REQUIRED WORK → A copy of the listing below is needed, exact in every line and without images.

START ENTRIES PROVIDED

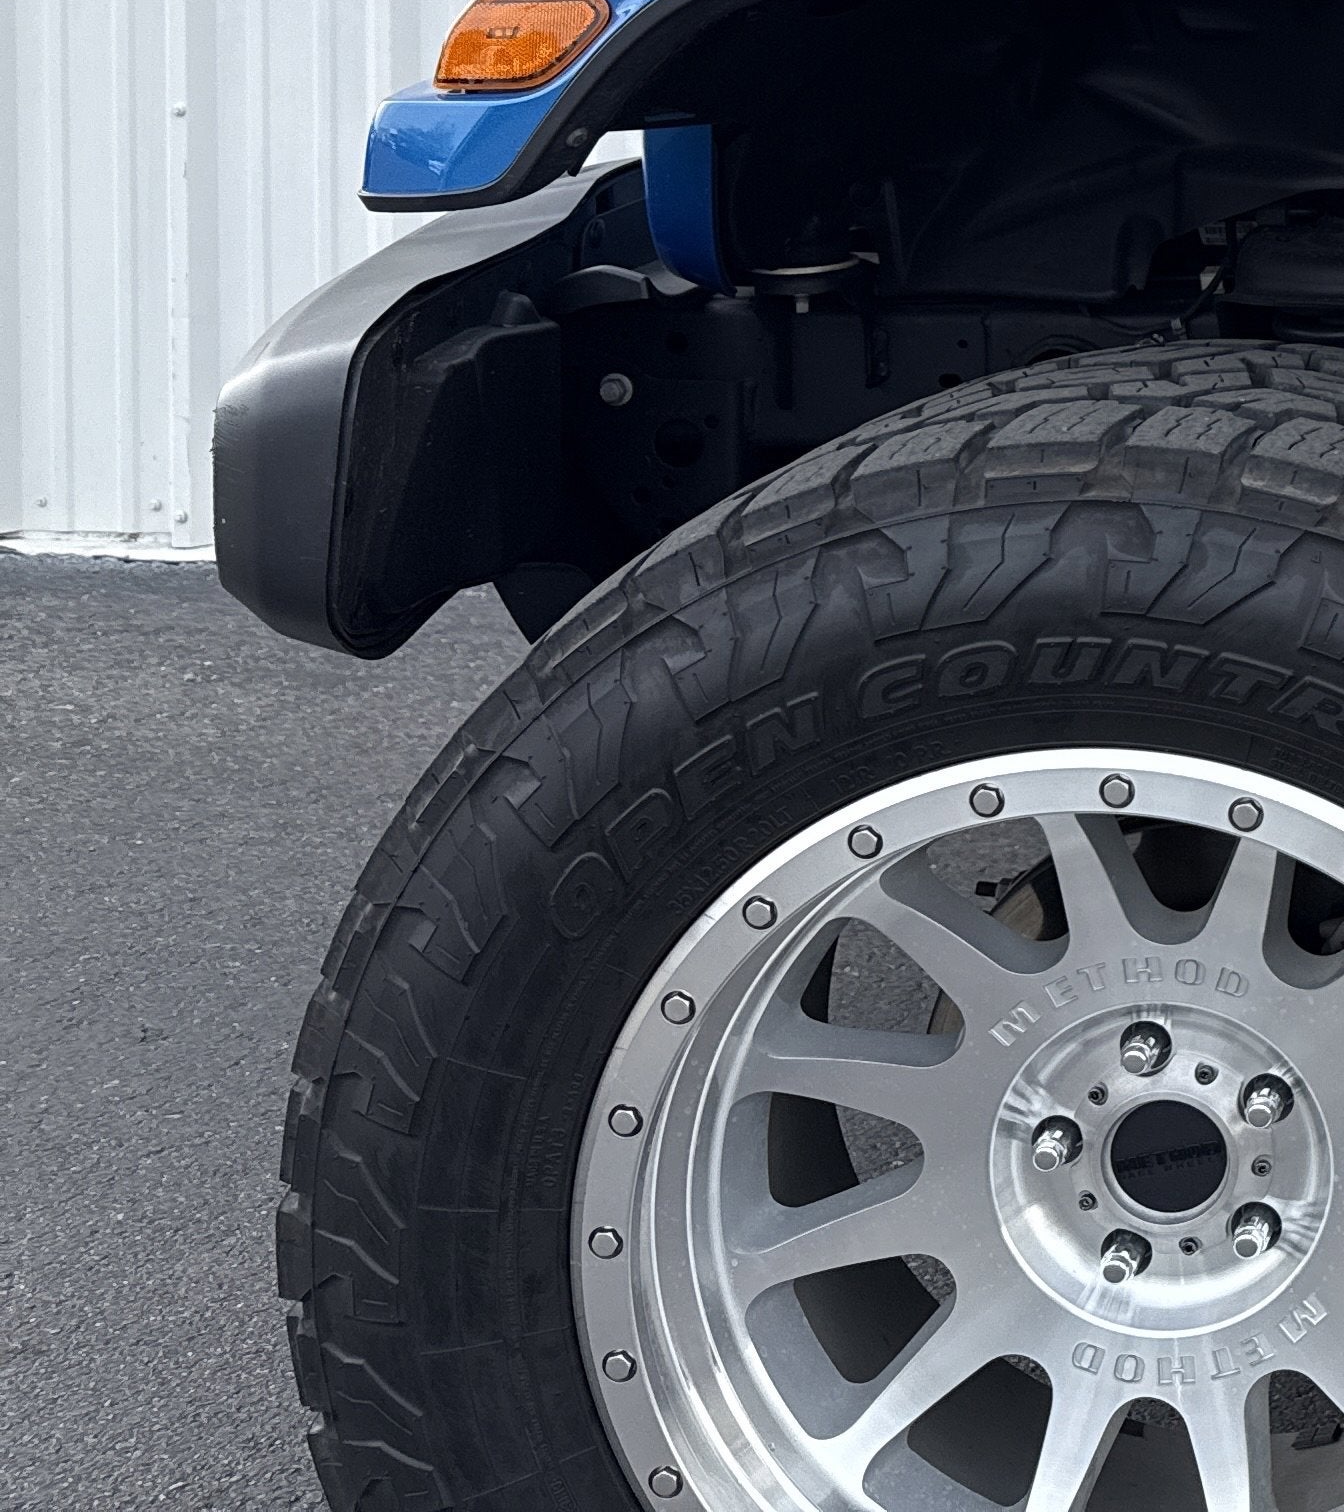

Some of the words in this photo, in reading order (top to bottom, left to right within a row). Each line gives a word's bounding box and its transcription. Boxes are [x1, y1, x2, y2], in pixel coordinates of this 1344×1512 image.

[549, 690, 826, 940] OPEN
[988, 957, 1249, 1046] METHOD
[1072, 1289, 1328, 1385] METHOD
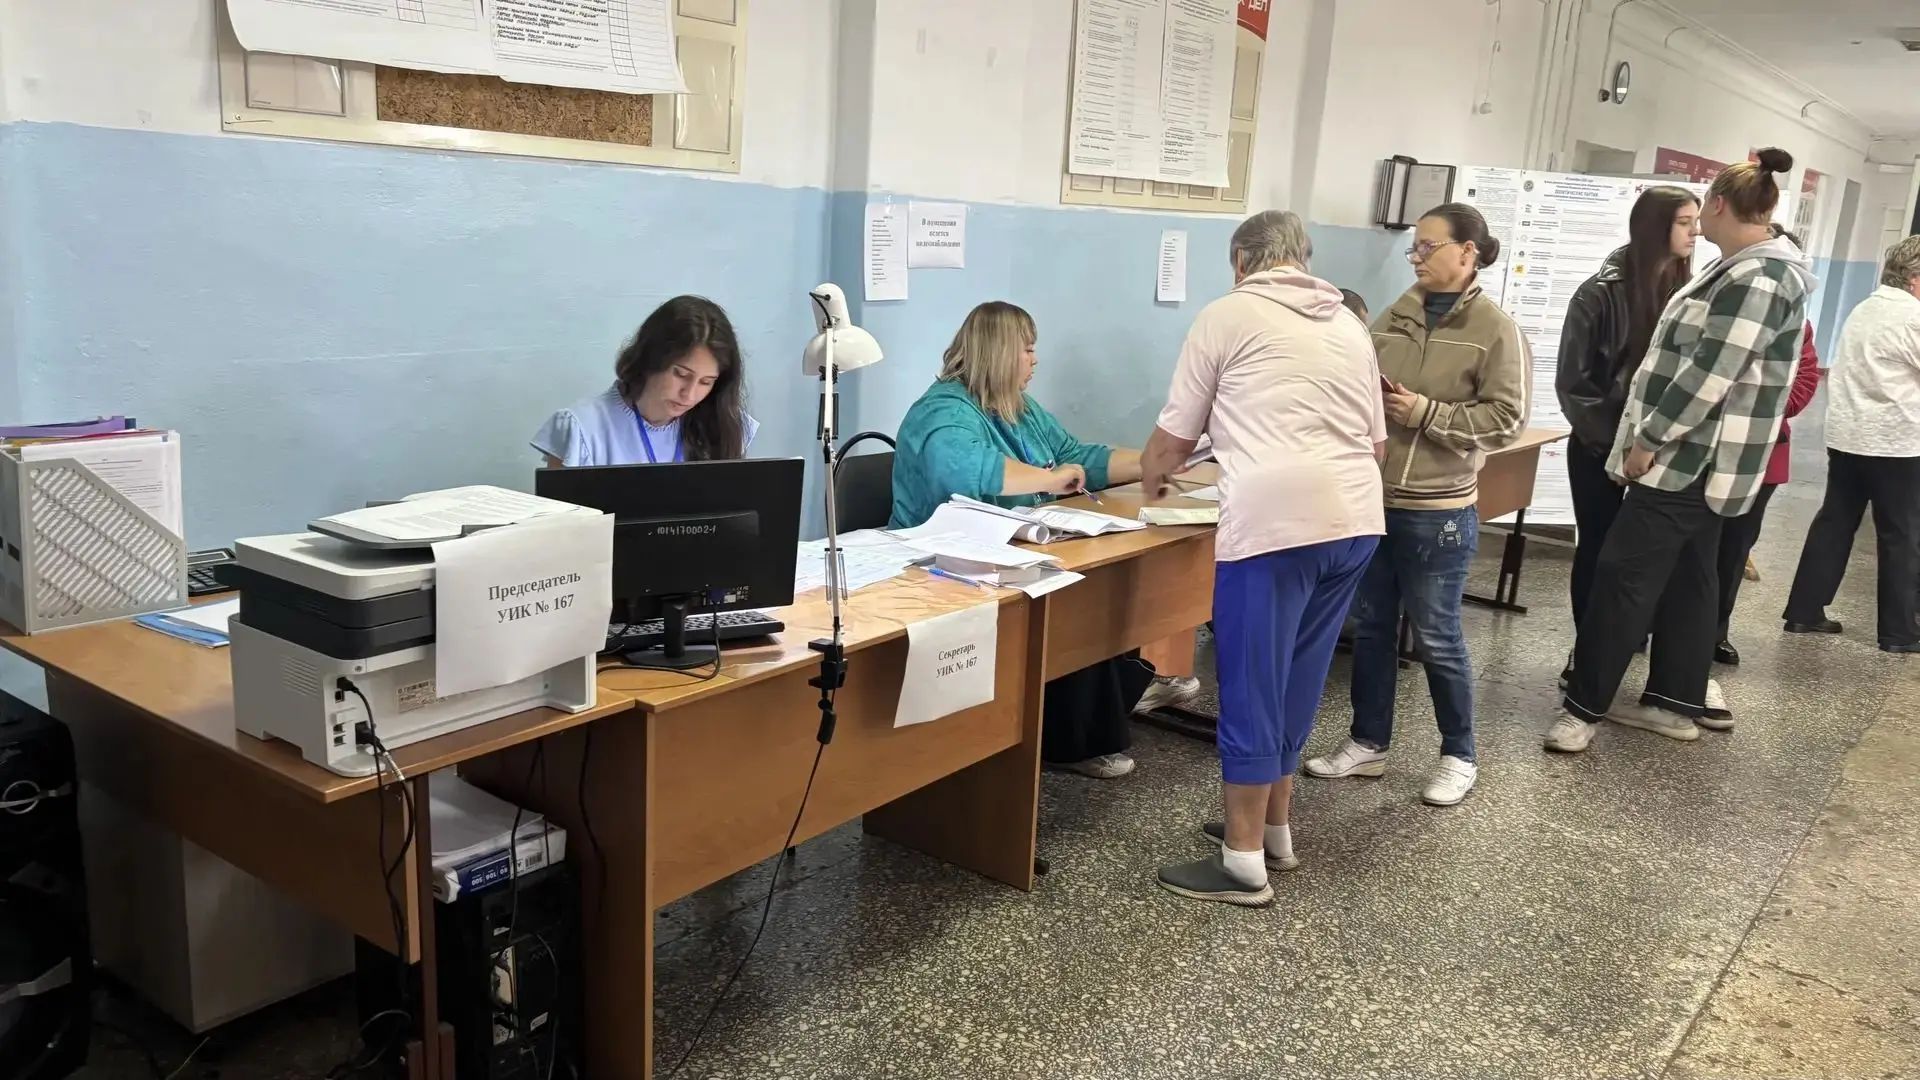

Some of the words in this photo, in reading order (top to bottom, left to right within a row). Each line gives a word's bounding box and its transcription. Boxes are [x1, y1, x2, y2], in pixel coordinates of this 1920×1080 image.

[488, 572, 581, 601] Председатель
[497, 603, 532, 624] УИК
[535, 600, 550, 615] №
[554, 594, 575, 611] 167
[938, 643, 976, 661] Секретарь
[936, 663, 955, 679] УИК
[955, 661, 964, 672] №
[966, 656, 978, 668] 167
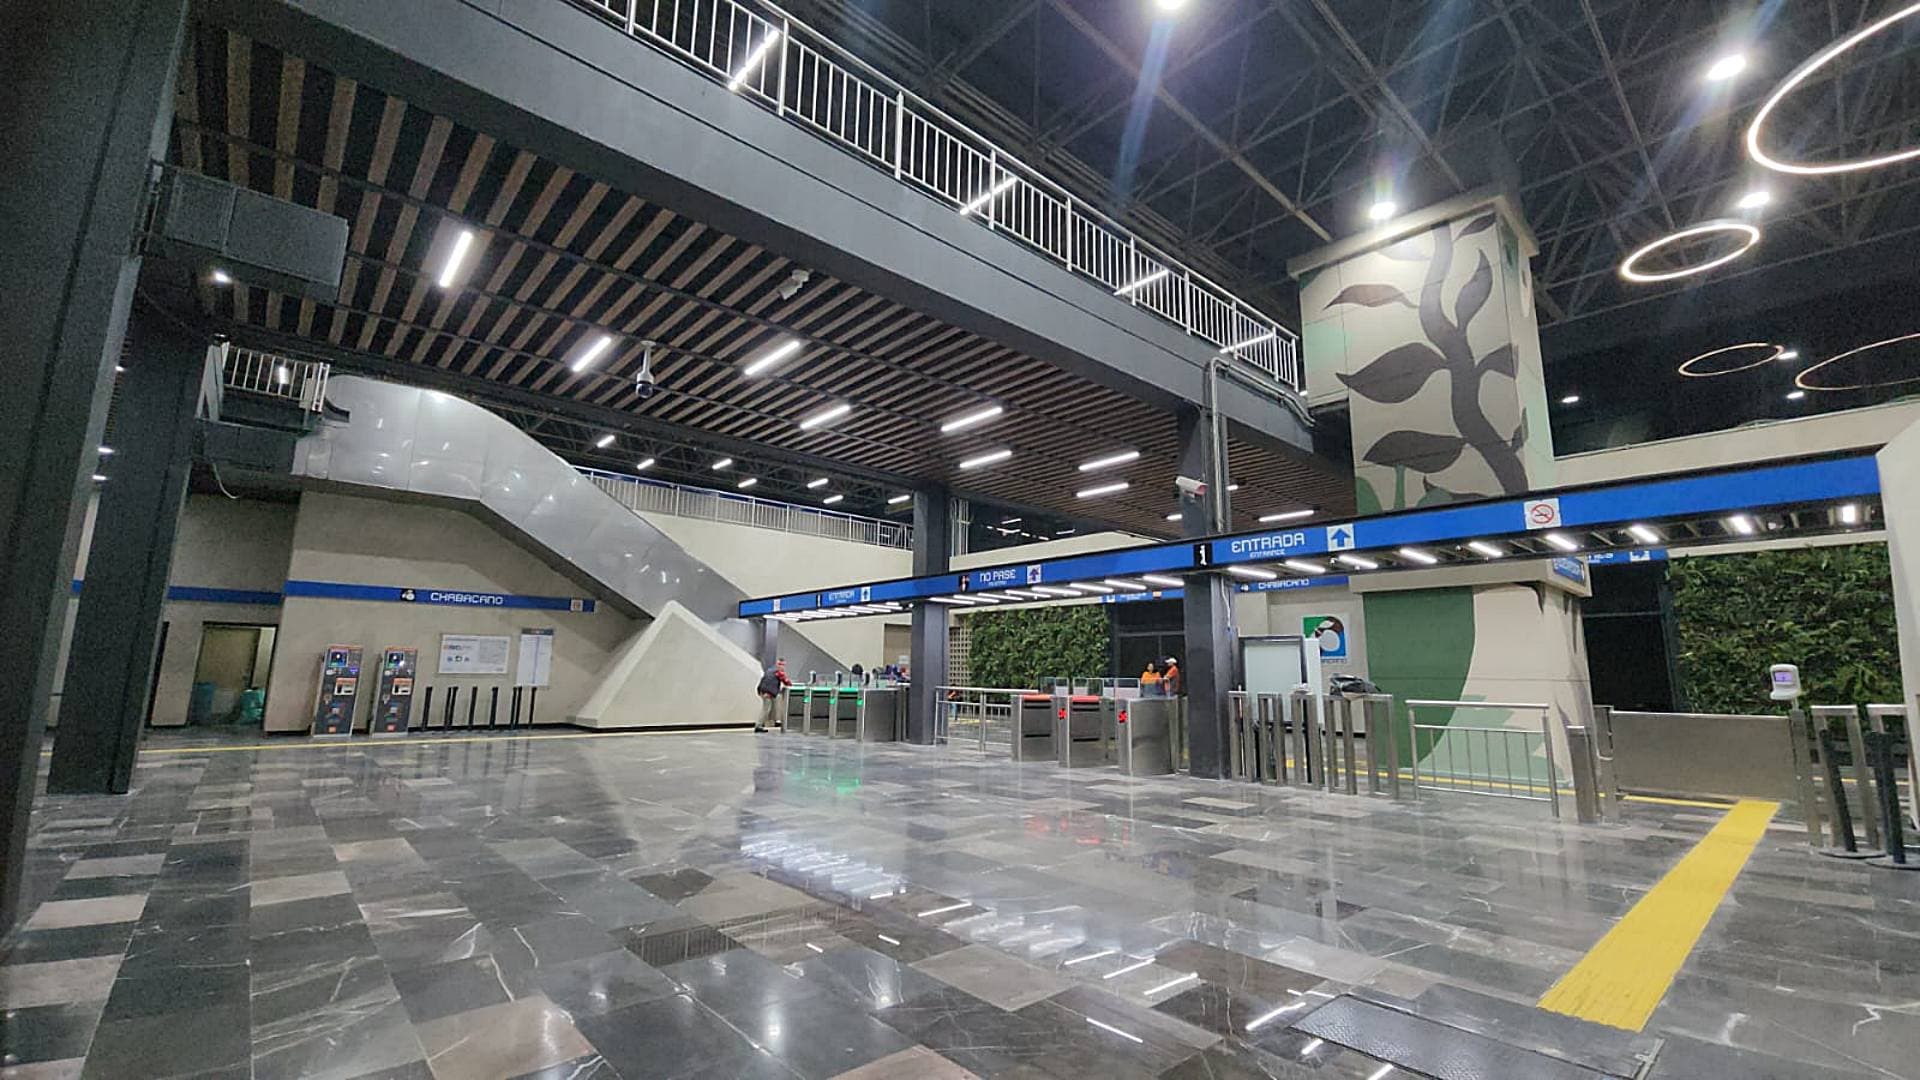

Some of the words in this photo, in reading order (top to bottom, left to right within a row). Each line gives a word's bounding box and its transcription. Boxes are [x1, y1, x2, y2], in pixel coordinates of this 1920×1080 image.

[1231, 533, 1305, 553] ENTRADA
[979, 573, 992, 583] NO
[992, 569, 1016, 580] PASE
[430, 592, 503, 605] CHABACANO

END ENTRIES PROVIDED

EXERCISE ANSWER →
Some of the words in this photo, in reading order (top to bottom, left to right within a row). Each line gives a word's bounding box and its transcription. Boxes are [x1, y1, x2, y2], in pixel coordinates of this 1344×1512 image.

[549, 690, 826, 940] OPEN
[988, 957, 1249, 1046] METHOD
[1072, 1289, 1328, 1385] METHOD

Some of the words in this photo, in reading order (top to bottom, left to right within a row). Each line gives a word's bounding box and its transcription. Boxes are [x1, y1, x2, y2], in pixel coordinates of this 1920×1080 image.

[488, 572, 581, 601] Председатель
[497, 603, 532, 624] УИК
[535, 600, 550, 615] №
[554, 594, 575, 611] 167
[938, 643, 976, 661] Секретарь
[936, 663, 955, 679] УИК
[955, 661, 964, 672] №
[966, 656, 978, 668] 167

Some of the words in this photo, in reading order (top to bottom, left to right within a row). Each line gives a word's bounding box and its transcription. Boxes are [x1, y1, x2, y2], in pixel coordinates of this 1920×1080 image.

[1231, 533, 1305, 553] ENTRADA
[979, 573, 992, 583] NO
[992, 569, 1016, 580] PASE
[430, 592, 503, 605] CHABACANO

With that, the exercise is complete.